Your output should be the complete listing, word for word, with no pictures in it.

::::::::

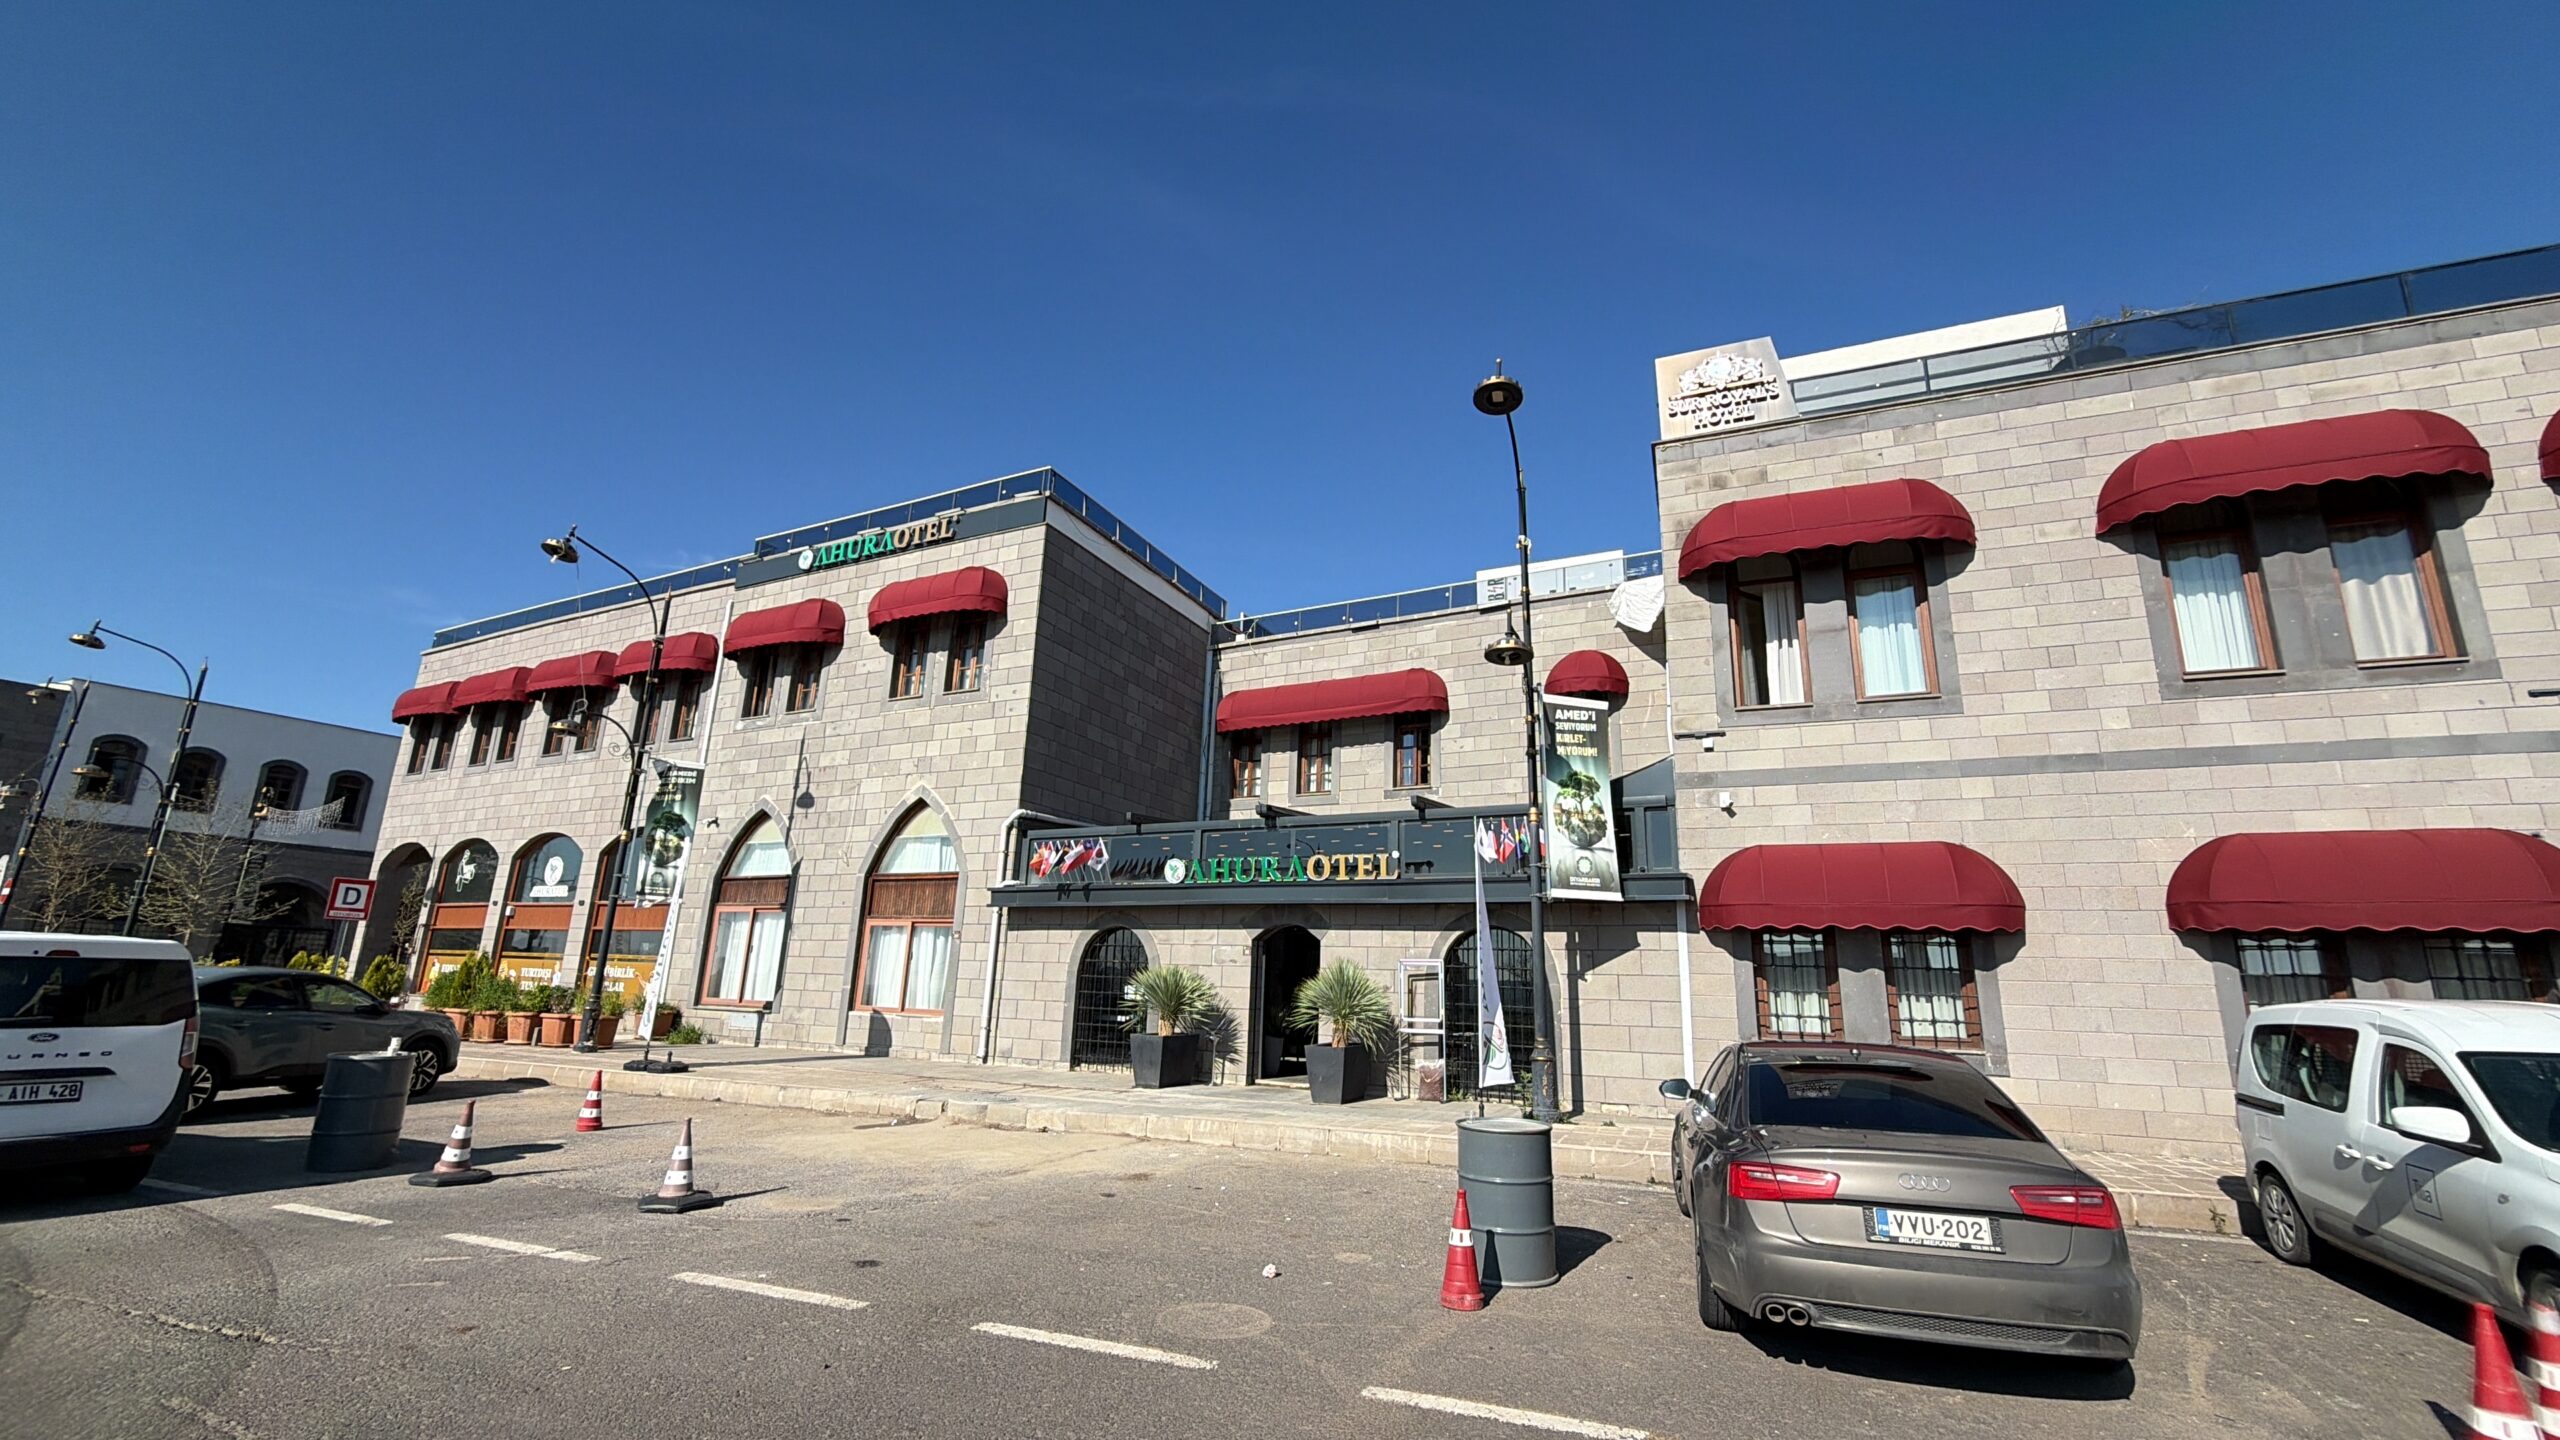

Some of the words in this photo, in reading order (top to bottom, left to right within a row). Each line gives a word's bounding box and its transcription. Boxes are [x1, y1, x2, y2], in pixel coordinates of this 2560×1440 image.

[1694, 406, 1755, 428] HOTEL
[342, 887, 361, 905] D
[8, 1086, 40, 1100] AIH
[49, 1085, 78, 1098] 428
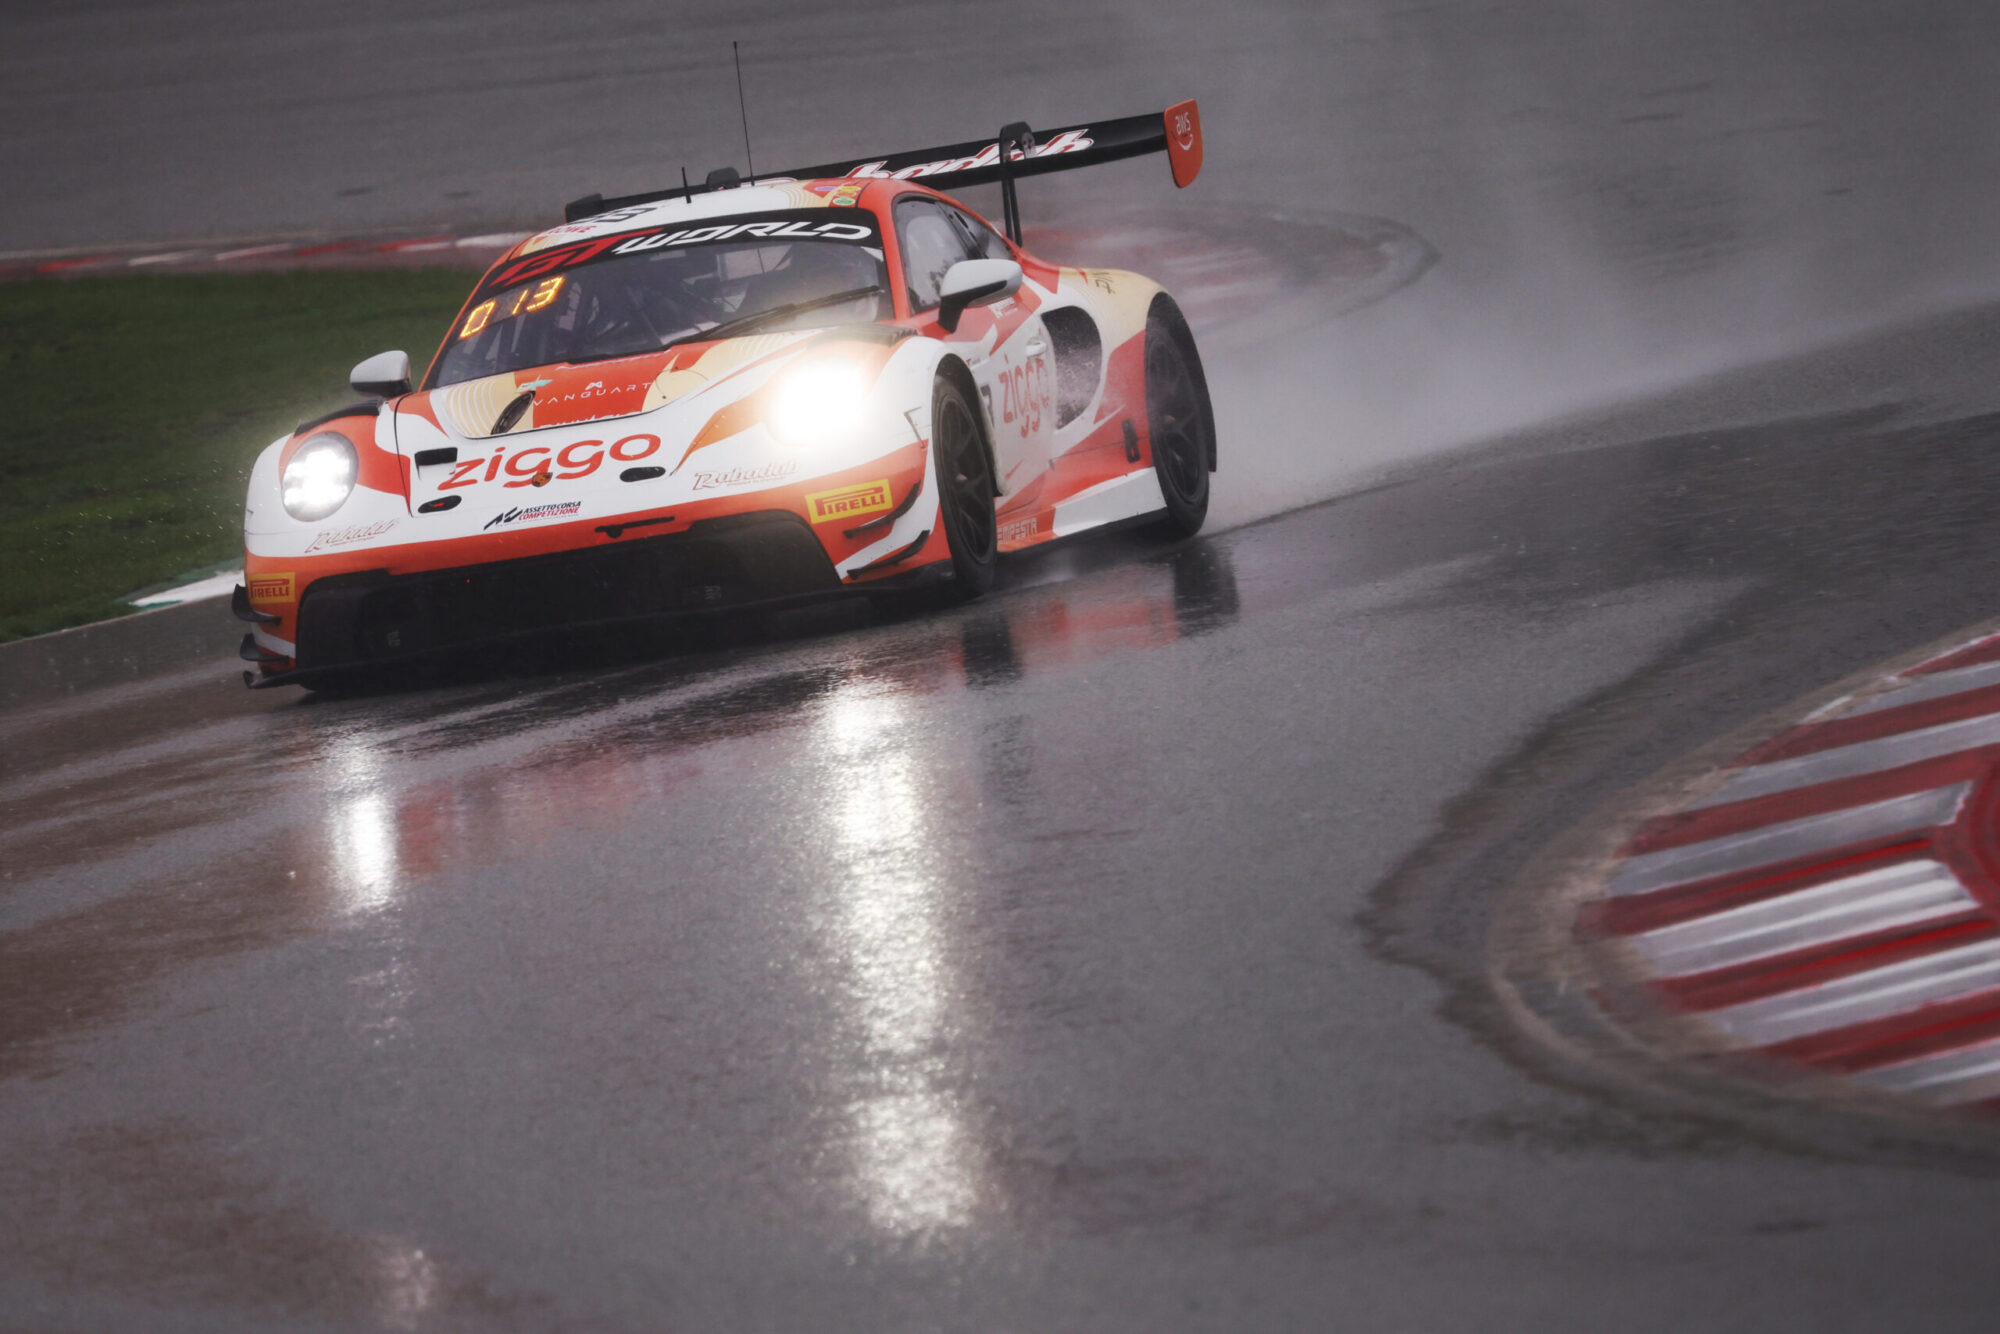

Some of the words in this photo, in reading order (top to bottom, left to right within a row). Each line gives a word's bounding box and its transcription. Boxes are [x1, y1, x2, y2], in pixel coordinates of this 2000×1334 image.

[489, 227, 664, 287] GT
[611, 221, 873, 255] WORLD
[533, 382, 652, 406] VANGUART
[437, 434, 661, 490] ziggo
[518, 506, 580, 521] COMPETIZIONE
[524, 503, 557, 514] ASSETTO
[556, 500, 582, 510] CORSA
[814, 485, 887, 517] PIRELLI
[996, 517, 1038, 545] EMPESTA
[249, 578, 290, 599] PIRELLI

::::::::

- Completed task
Some of the words in this photo, in reading order (top to bottom, left to right within a row). Each line gives a word's bounding box and its transcription. Boxes are [x1, y1, x2, y2], in pixel coordinates of this 2560×1440 image.

[1694, 406, 1755, 428] HOTEL
[342, 887, 361, 905] D
[8, 1086, 40, 1100] AIH
[49, 1085, 78, 1098] 428

Some of the words in this photo, in reading order (top to bottom, left to right within a row). Each line gives a word's bounding box and its transcription. Boxes are [x1, y1, x2, y2], in pixel coordinates of this 2000×1334 image.

[489, 227, 664, 287] GT
[611, 221, 873, 255] WORLD
[533, 382, 652, 406] VANGUART
[437, 434, 661, 490] ziggo
[518, 506, 580, 521] COMPETIZIONE
[524, 503, 557, 514] ASSETTO
[556, 500, 582, 510] CORSA
[814, 485, 887, 517] PIRELLI
[996, 517, 1038, 545] EMPESTA
[249, 578, 290, 599] PIRELLI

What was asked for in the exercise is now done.